Problem requirements:
Give back every line of the data exactly. Pictures are not part of the copy.

[Spatial localization data]
━━━━━━━━━━

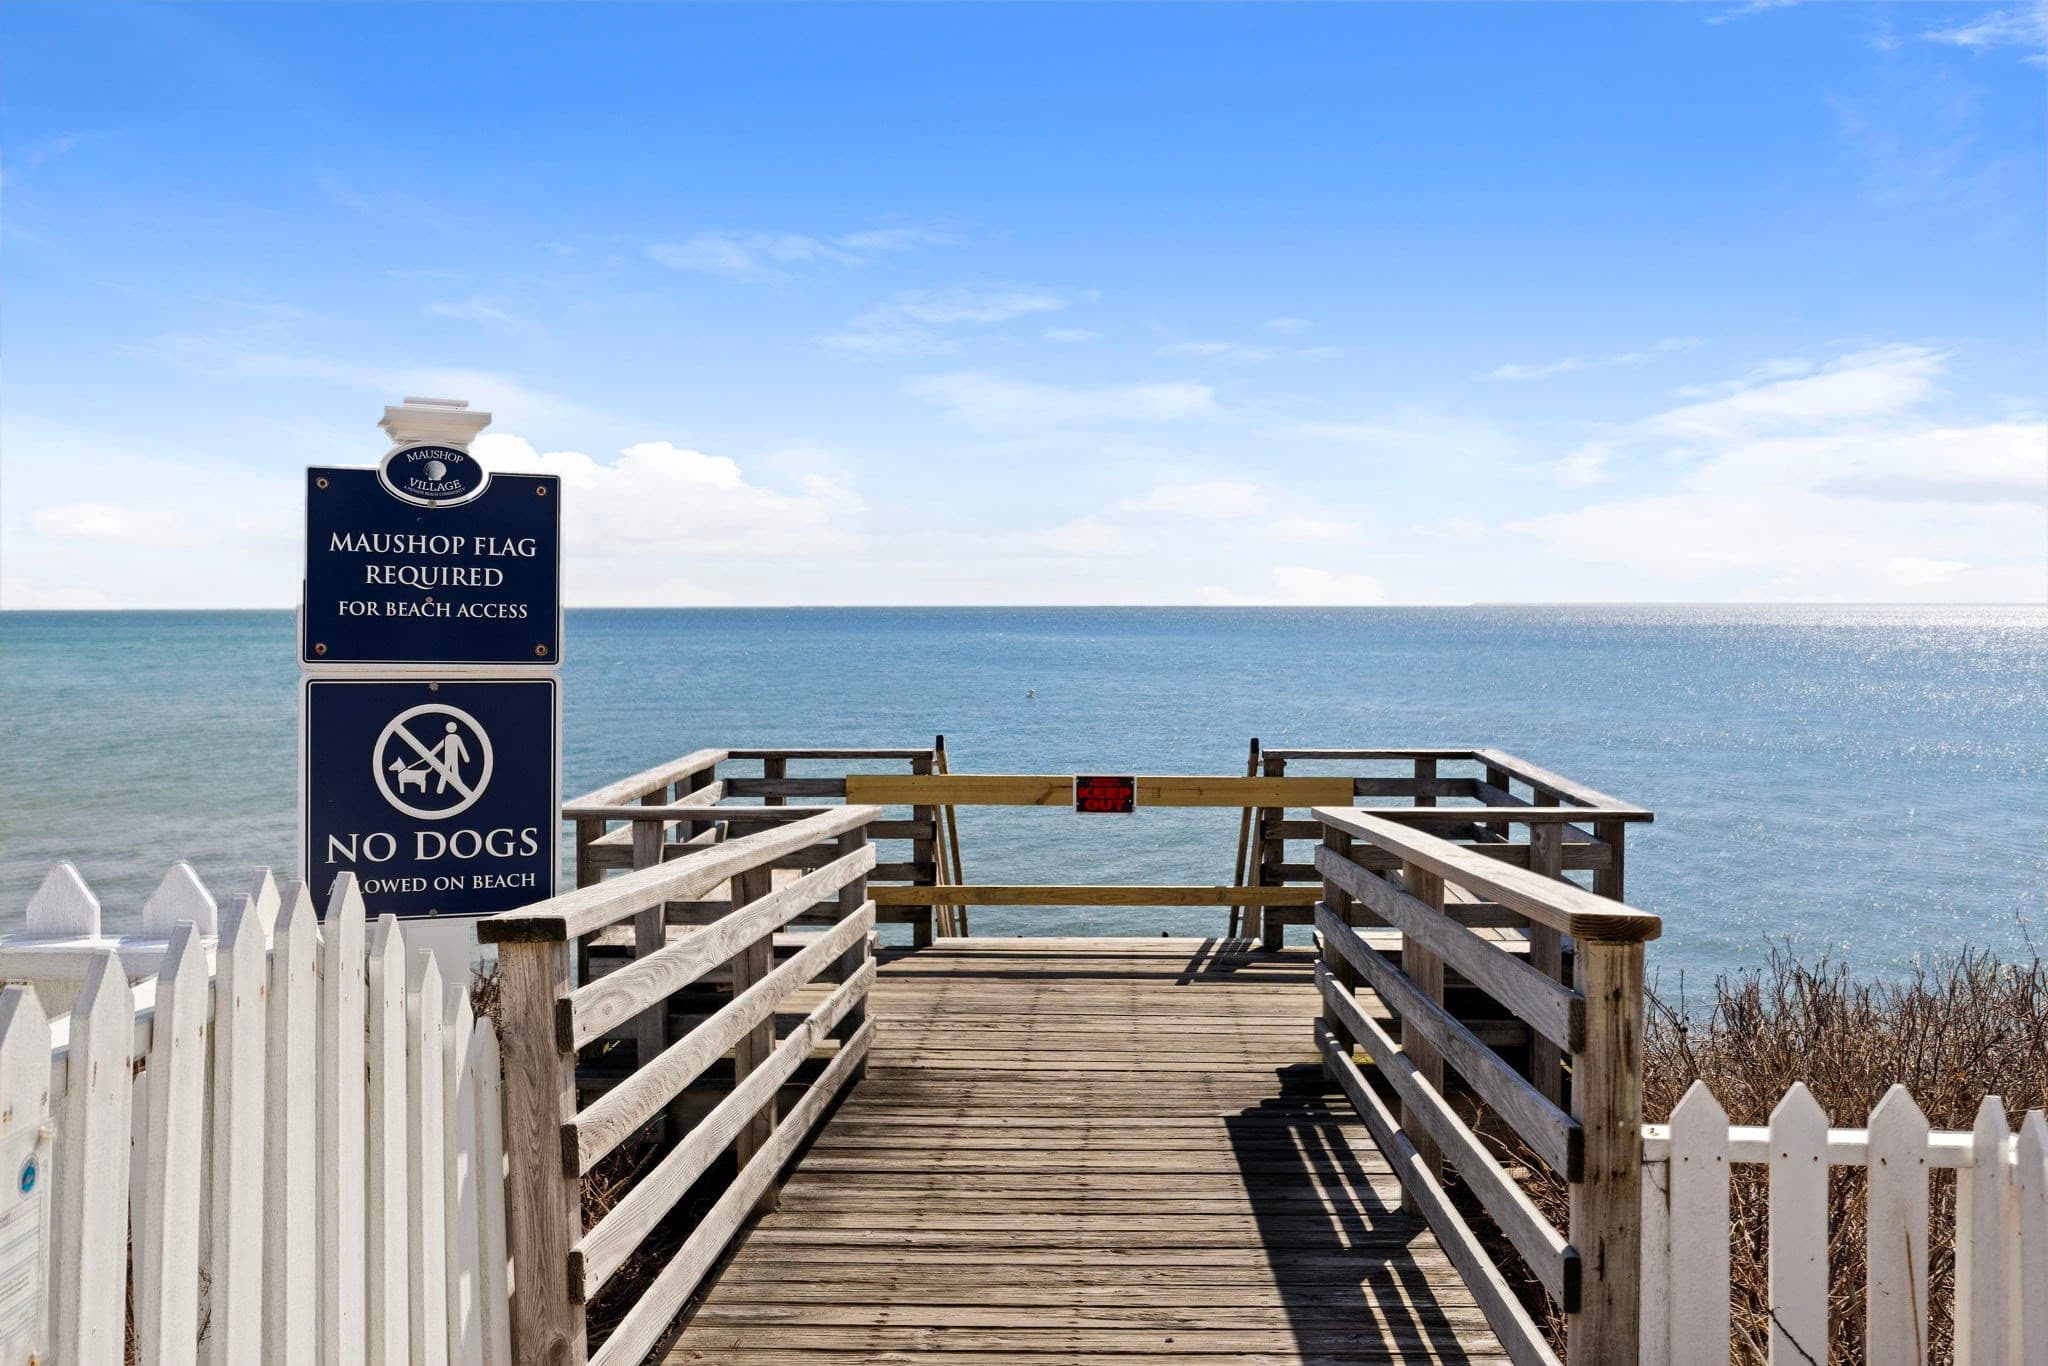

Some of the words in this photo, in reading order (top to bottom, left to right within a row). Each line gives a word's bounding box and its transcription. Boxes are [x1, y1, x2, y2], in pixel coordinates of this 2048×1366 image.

[406, 450, 464, 463] MAUSHOP
[410, 477, 462, 492] VILLAGE
[330, 532, 465, 555] MAUSHOP
[474, 536, 537, 557] FLAG
[365, 565, 504, 590] REQUIRED
[338, 600, 380, 617] FOR
[386, 602, 451, 618] BEACH
[457, 603, 528, 619] ACCESS
[1078, 787, 1130, 798] KEEP
[1085, 799, 1125, 810] OUT
[324, 832, 397, 864] NO
[414, 827, 538, 861] DOGS
[326, 877, 427, 896] OWED
[433, 876, 465, 891] ON
[473, 872, 535, 889] BEACH
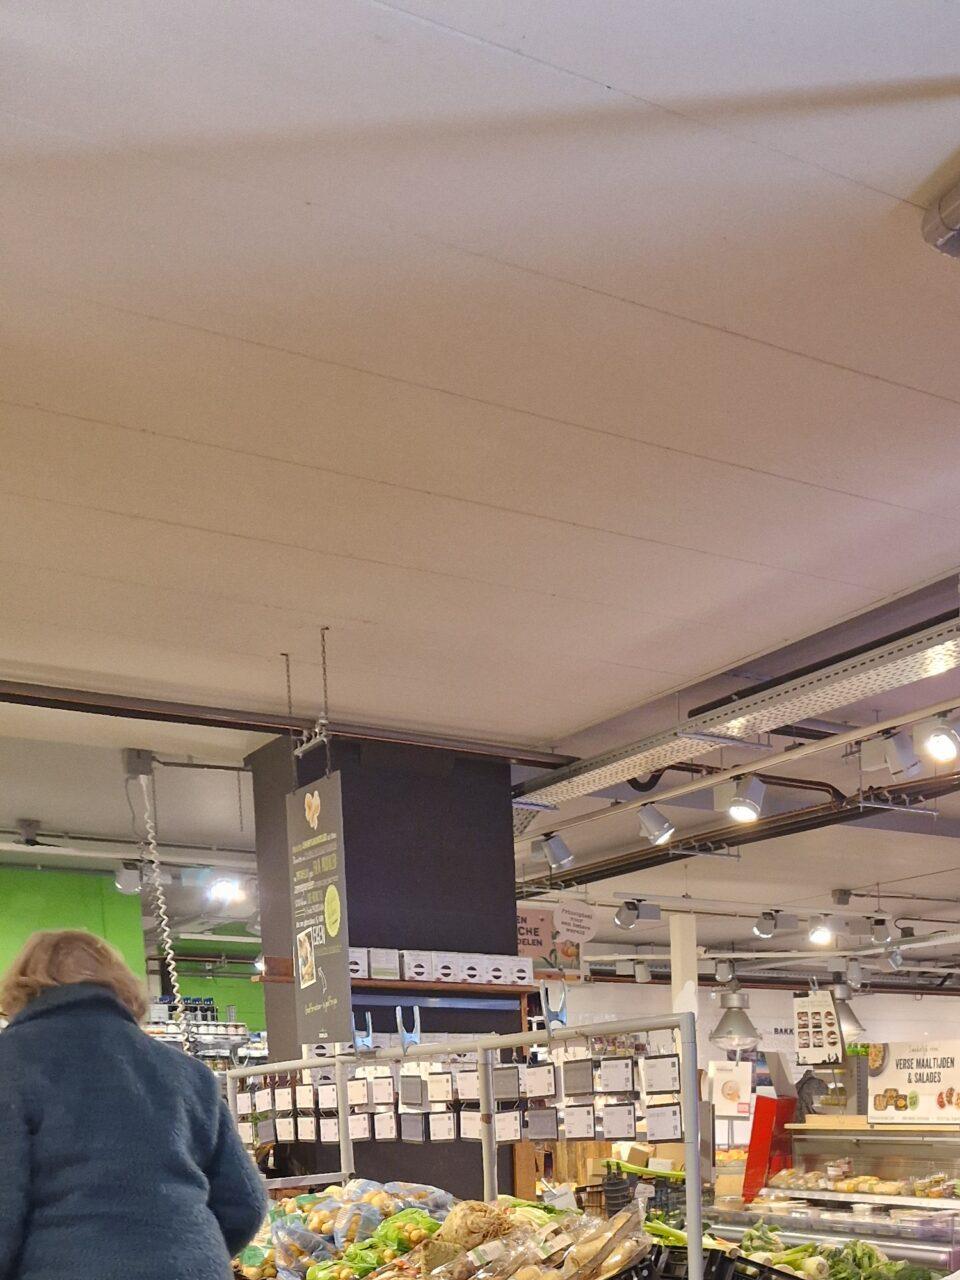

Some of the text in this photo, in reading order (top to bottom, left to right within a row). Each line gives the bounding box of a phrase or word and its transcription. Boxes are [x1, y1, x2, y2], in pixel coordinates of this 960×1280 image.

━━━━━━━━━━

Completed exercise:
Some of the words in this photo, in reading order (top to bottom, left to right within a row). Each line gives a word's bounding box and its transcription. Boxes are [x1, y1, x2, y2], in pixel coordinates of this 2048×1366 image.

[406, 450, 464, 463] MAUSHOP
[410, 477, 462, 492] VILLAGE
[330, 532, 465, 555] MAUSHOP
[474, 536, 537, 557] FLAG
[365, 565, 504, 590] REQUIRED
[338, 600, 380, 617] FOR
[386, 602, 451, 618] BEACH
[457, 603, 528, 619] ACCESS
[1078, 787, 1130, 798] KEEP
[1085, 799, 1125, 810] OUT
[324, 832, 397, 864] NO
[414, 827, 538, 861] DOGS
[326, 877, 427, 896] OWED
[433, 876, 465, 891] ON
[473, 872, 535, 889] BEACH

Some of the text in this photo, in reading order (top to bottom, left to right within a row). Each line gives the bounding box of a phrase or word and its transcription. Boxes are [x1, y1, x2, y2], in pixel coordinates of this 960×1280 image.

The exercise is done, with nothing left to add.